A 64-year-old woman in Taiwan struggled to sleep, kept awake by unrelenting clicking sounds accompanied by a sensation of movement in her left ear. So after four days and nights of her unusual symptoms, she went to an ear, nose, and throat clinic, where doctors found the culprit: a tiny spider hanging out — and molting! — inside her ear canal.
"She didn't feel pain because the spider was very small," said Dr. Tengchin Wang, who co-authored a report about the creepy discovery in the New England Journal of Medicine, and even posted video of the insect while it was inside the ear (see below).
He described the spider, which had shed its exoskeleton inside her ear, as 2 to 3 millimeters, or 1/10 of an inch.
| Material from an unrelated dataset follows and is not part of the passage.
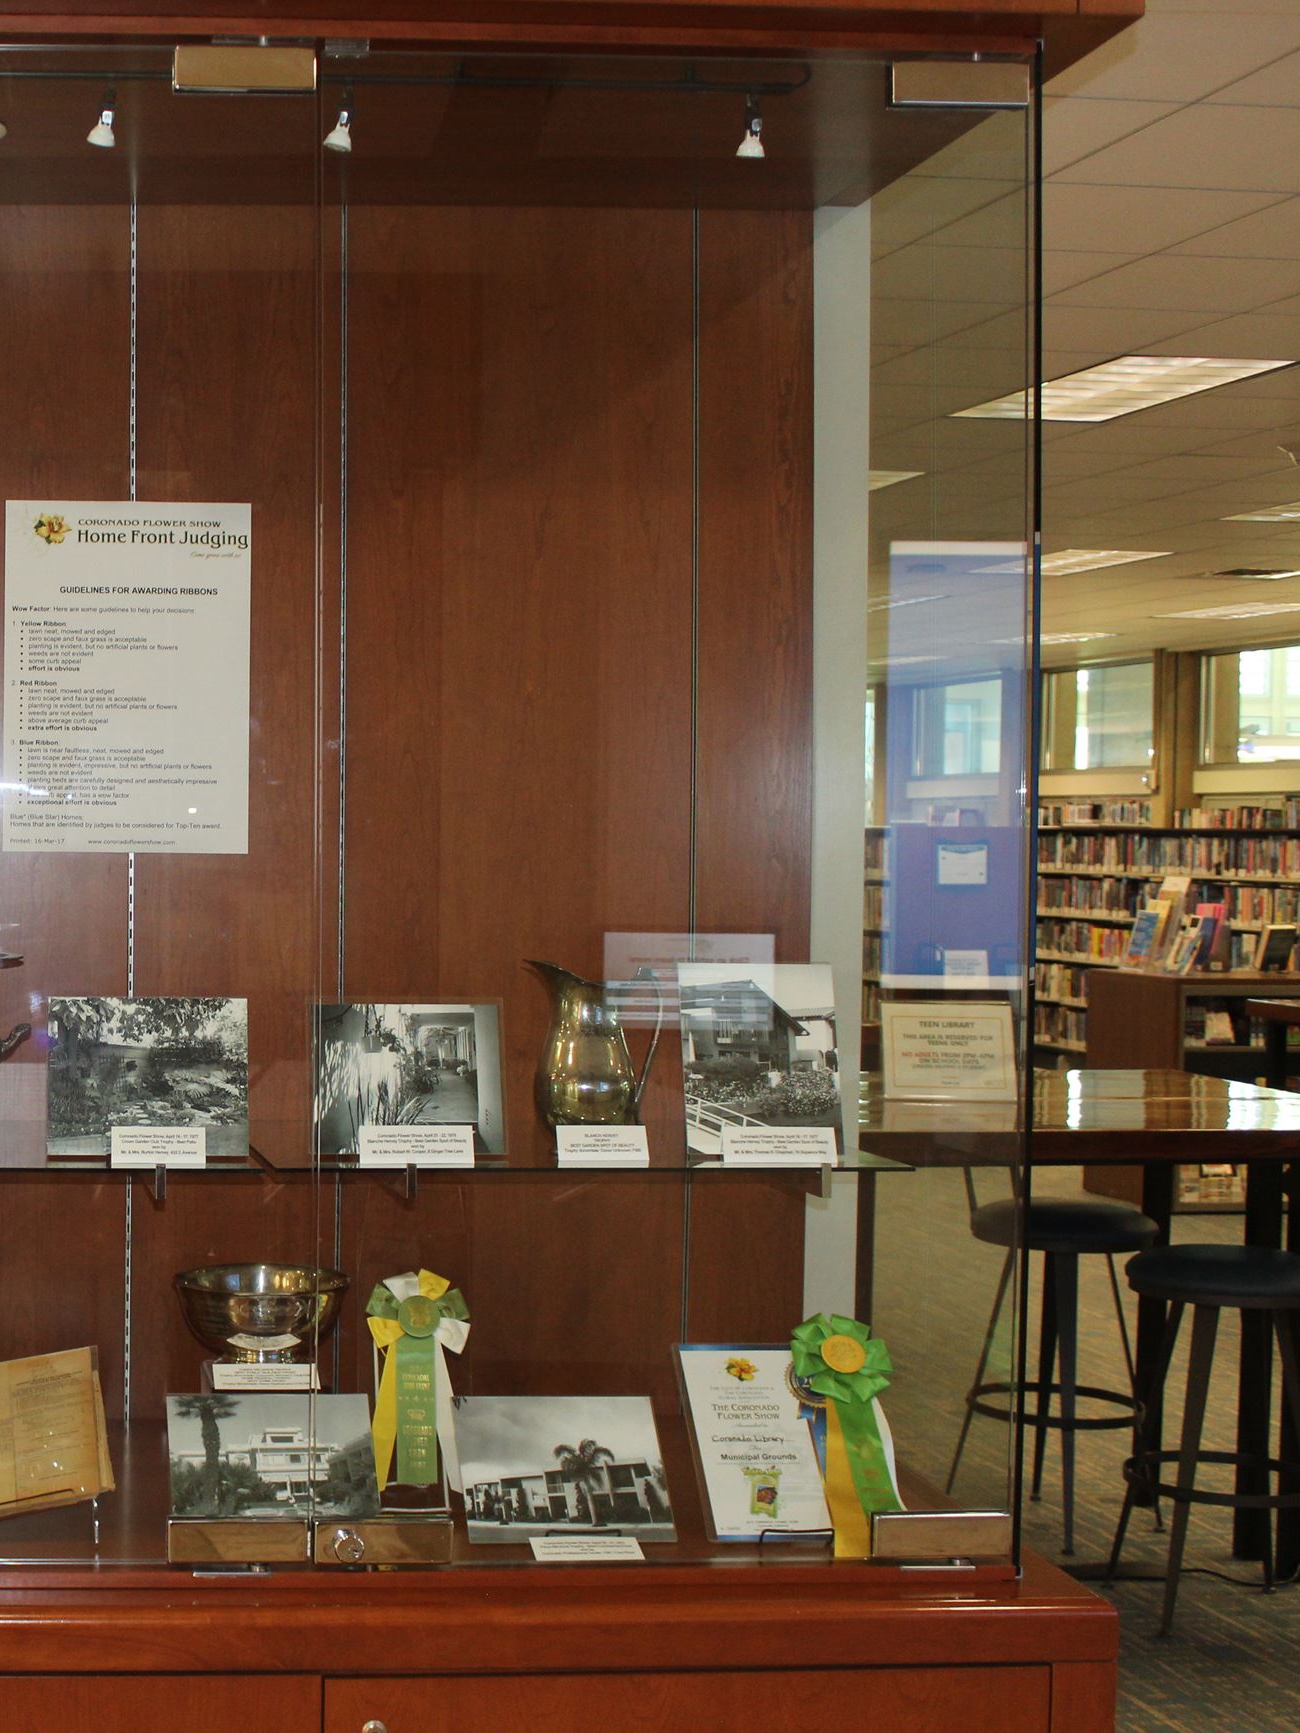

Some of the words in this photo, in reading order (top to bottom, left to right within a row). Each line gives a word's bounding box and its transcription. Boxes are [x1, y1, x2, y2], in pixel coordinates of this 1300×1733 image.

The doctor was able to suction out the tiny invader, along with its molted leftovers, with a tube.
From NBC News:
Wang said he wrote the report because of the case's novelty: He had seen ants, moths, cockroaches and mosquitoes inside people's ears before, but never an insect that molted inside an ear canal.
He urged the public to see a doctor if they ever experience such symptoms. …
Discovering an insect inside a person's ear is rare but not unheard of, doctors in the U.S. say.
Most ear, nose and throat specialists see "tens, if not more, of bugs or some sort of arthropod" in ear canals throughout their career, according to Dr. David Kasle, a physician at ENT Sinus and Allergy of South Florida, who wasn't involved in the new research.